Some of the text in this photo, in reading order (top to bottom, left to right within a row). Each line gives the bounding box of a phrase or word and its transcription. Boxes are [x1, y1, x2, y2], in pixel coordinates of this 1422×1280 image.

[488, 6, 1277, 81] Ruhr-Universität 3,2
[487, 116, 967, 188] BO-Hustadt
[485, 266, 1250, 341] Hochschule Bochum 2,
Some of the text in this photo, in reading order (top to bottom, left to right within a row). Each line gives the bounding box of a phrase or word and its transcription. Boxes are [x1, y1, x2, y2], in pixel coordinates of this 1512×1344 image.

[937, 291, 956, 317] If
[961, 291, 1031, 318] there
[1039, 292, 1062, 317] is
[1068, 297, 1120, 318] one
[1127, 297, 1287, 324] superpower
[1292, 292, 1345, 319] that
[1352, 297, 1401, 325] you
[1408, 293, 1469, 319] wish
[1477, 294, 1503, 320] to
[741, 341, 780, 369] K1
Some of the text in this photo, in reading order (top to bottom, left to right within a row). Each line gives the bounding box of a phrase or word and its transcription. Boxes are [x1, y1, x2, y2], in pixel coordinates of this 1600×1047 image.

-------------------------

### EXERCISE DESCRIPTION
Line by line, retype the records with no changes.

### SOLUTION FOR THIS TASK
Some of the text in this photo, in reading order (top to bottom, left to right within a row). Each line gives the bounding box of a phrase or word and its transcription. Boxes are [x1, y1, x2, y2], in pixel coordinates of this 1422×1280 image.

[488, 6, 1277, 81] Ruhr-Universität 3,2
[487, 116, 967, 188] BO-Hustadt
[485, 266, 1250, 341] Hochschule Bochum 2,
Some of the text in this photo, in reading order (top to bottom, left to right within a row). Each line gives the bounding box of a phrase or word and its transcription. Boxes are [x1, y1, x2, y2], in pixel coordinates of this 1512×1344 image.

[937, 291, 956, 317] If
[961, 291, 1031, 318] there
[1039, 292, 1062, 317] is
[1068, 297, 1120, 318] one
[1127, 297, 1287, 324] superpower
[1292, 292, 1345, 319] that
[1352, 297, 1401, 325] you
[1408, 293, 1469, 319] wish
[1477, 294, 1503, 320] to
[741, 341, 780, 369] K1
Some of the text in this photo, in reading order (top to bottom, left to right within a row). Each line gives the bounding box of a phrase or word and its transcription. Boxes are [x1, y1, x2, y2], in pixel coordinates of this 1600×1047 image.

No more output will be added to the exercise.